Benzer sistem davranışı, örneğin yüksek hızlarda görülebilir. otoyolda sorunsuz sürerken. Bu hızlarda, her iki aksa da sürekli sürüş gerekli değildir, çünkü bu, bileşenlerin aşınmasını ve yakıt tüketimini artıracaktır. 130 km / s üzerindeki hızlarda, kontrol elektroniği orta çok plakalı debriyajı açmak için bir komut verir ve motor gücü sadece arka tekerleklere iletilir.

Düşük tutuşlu yüzeylerde (buz, kar, çamur), sistem en iyi tutuş için çekişi önceden kilitler. Ama ya bir tekerlek iyi bir çekişe sahipse ve diğer üçü kaygan yüzeylerdeyse? Yalnızca DPC sistemine sahip model, motor gücünün %100'ünü bir tekerleğe aktarabilir.

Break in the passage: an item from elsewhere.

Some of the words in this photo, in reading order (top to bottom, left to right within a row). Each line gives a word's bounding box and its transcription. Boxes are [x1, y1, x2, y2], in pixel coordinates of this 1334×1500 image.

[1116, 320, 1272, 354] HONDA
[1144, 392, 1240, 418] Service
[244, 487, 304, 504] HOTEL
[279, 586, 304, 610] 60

Arka aksta bulunan bir diferansiyel ve bir DPC (Dinamik Performans Kontrolü) sistemi kullanılarak tork, sağ ve sol arka tekerlekler arasında aktif olarak yeniden dağıtılır. Örneğin BMW X6 bu şekilde donatılmıştır. Diğer araçlarda motor gücünün %100'ü örneğin buzda üç tekerlek ve asfaltta bir tekerlek varsa en iyi tutuşa sahip tekerleğin bulunduğu aksa aktarılır. Bu durumda sistem hem sağ hem de sol tekerlekler için 50:50 oranını bölerken, daha az yol tutuşu olan bir yüzeydeki tekerlek DSC tarafından çok fazla aşırı savrulma olmaması için frenlenir. Bu durumda sistem, motor gücünü tek tek tekerlekler arasında değil, yalnızca akslar arasında dağıtır.

xDrive sistemi ayrıca minimum bakım gereksinimlerinden de yararlanır. Üretici, özellikle toprak yollarda sıklıkla kullanılan veya römork çekmek için kullanılan araçlar için yağın yaklaşık 100 - 000 km sonra değiştirilmesini önerir. xDrive sistemi, aracın ağırlığına yaklaşık 150 ila 000 kg ekler ve motor versiyonuna ve tipine bağlı olarak yakıt tüketimi, yalnızca arkadan çekişli modellere kıyasla 75 ila 80 litre yakıt arasındadır.